Ricky Williams

Ricky Williams

[wil-yuhmz]

Errick Lynne Williams, Jr. (born May 21, 1977 in San Diego, California) is an American football running back for the Miami Dolphins of the National Football League. He was drafted by the New Orleans Saints fifth overall in the 1999 NFL Draft. He played college football at Texas.

Early life

Williams was born, along with his twin sister Cassandra, in San Diego, California. He was born to relatively young parents, who ultimately separated when he was six years old. His mother was awarded custody of Williams and his siblings, Cassandra (Cassie) and Rebecca (Nisey). In San Diego's Patrick Henry High School, Williams primarily played baseball and football, but also ran track and wrestled. On the football field, Williams gained 2,099 yards and scored 25 touchdowns. He was named "Offensive Player of the Year" by the San Diego Union-Tribune.

College career

Williams was selected out of Patrick Henry High School in the 8th round of the 1995 baseball amateur draft by the Philadelphia Phillies, and played four years at the Class 'A' level with the Batavia Muckdogs of the New York-Penn League and the Piedmont Boll Weevils of the South Atlantic League. He was then taken in the 1998 Rule 5 draft by the Montreal Expos, who sold his rights to the Texas Rangers.

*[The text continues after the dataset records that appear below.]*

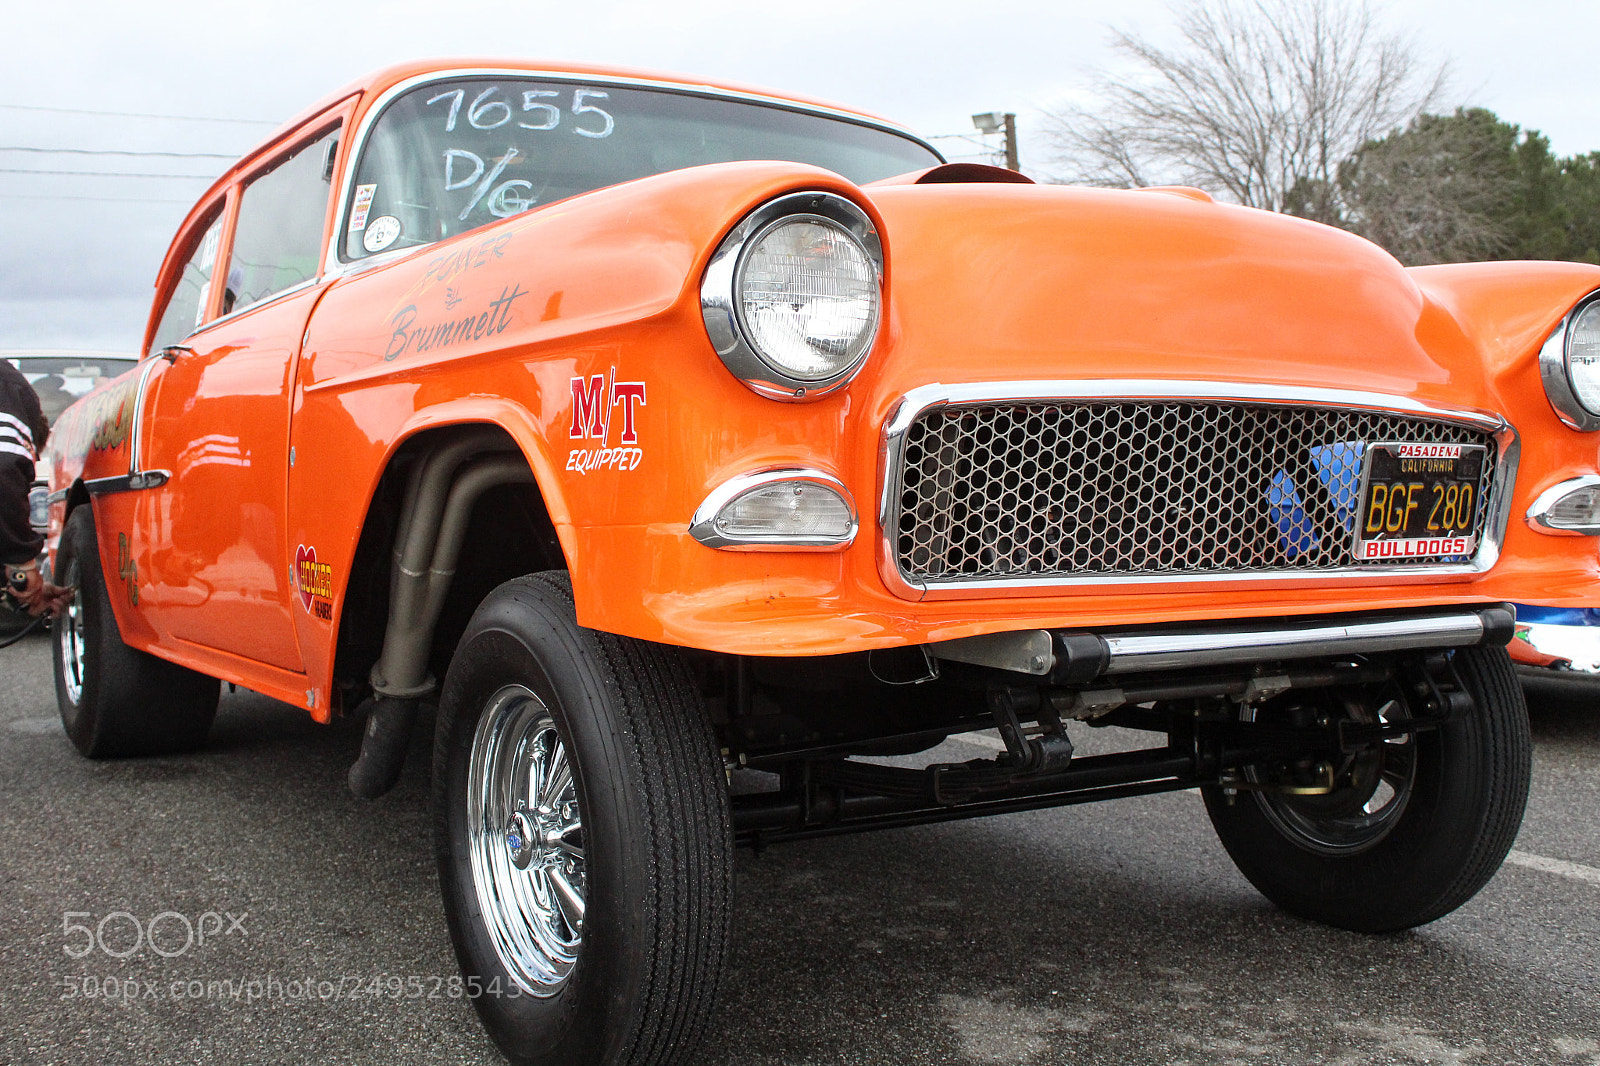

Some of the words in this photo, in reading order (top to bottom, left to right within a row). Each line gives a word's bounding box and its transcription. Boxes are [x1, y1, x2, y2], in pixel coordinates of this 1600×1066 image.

[442, 147, 536, 221] D/G
[384, 283, 529, 362] Brummett
[569, 365, 647, 448] M/T
[565, 447, 643, 475] EQUIPPED
[1399, 445, 1460, 457] PASADENA
[1401, 459, 1454, 473] CALIFORNIA
[1366, 484, 1425, 532] BGF
[1426, 484, 1474, 531] 280
[1366, 539, 1466, 557] BULLDOGS
[300, 560, 332, 600] HOOKER
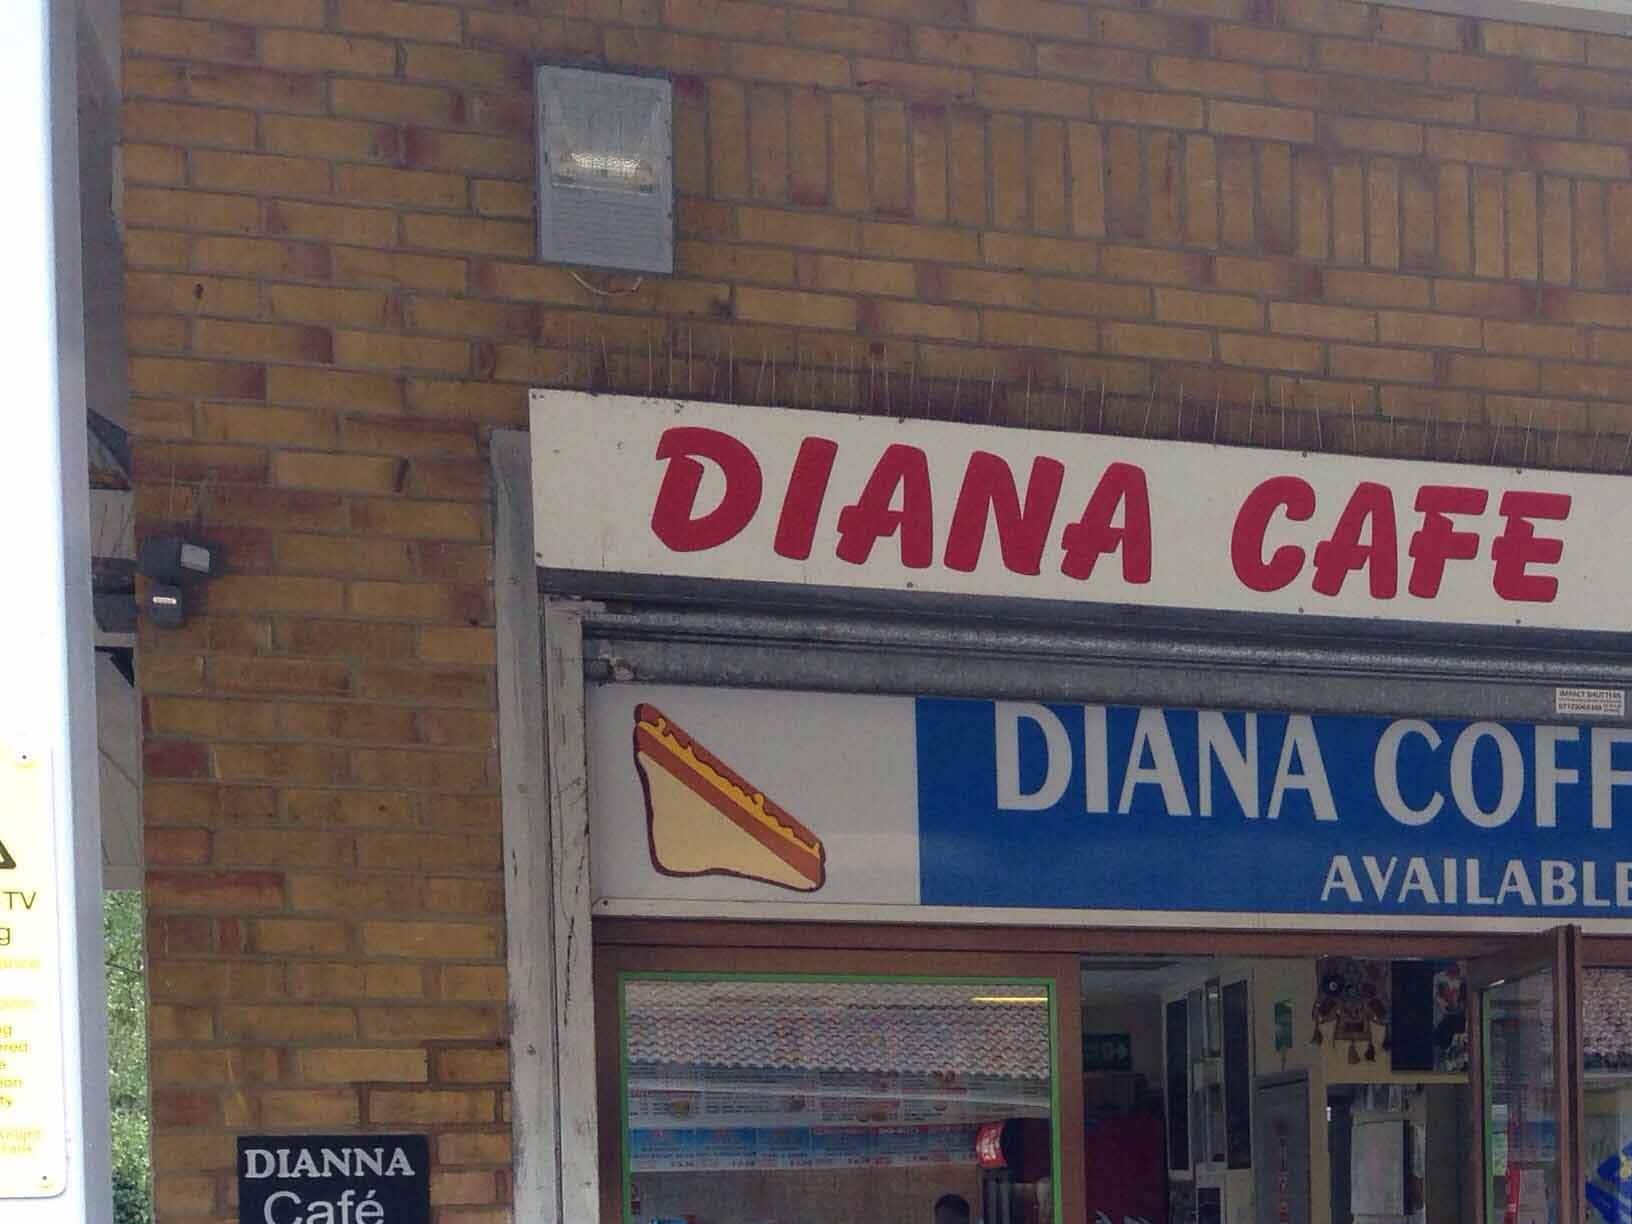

He played college football for the University of Texas at Austin. Williams holds or shares 20 NCAA records, and became the NCAA Division I-A career rushing leader in 1998 with 6,279 yards (broken one year later by University of Wisconsin-Madison's Ron Dayne). Williams had a sensational senior season, highlighted by rushing for nine touchdowns and 385 yards in the season's first two games; rushing for 318 yards and six touchdowns against Rice; rushing for 350 yards and five touchdowns against Iowa St; and rushing for 150 yards against Nebraska's legendary Black Shirt defense. He also helped beat long time rival Oklahoma rushing for 166 rushing yards and two scores.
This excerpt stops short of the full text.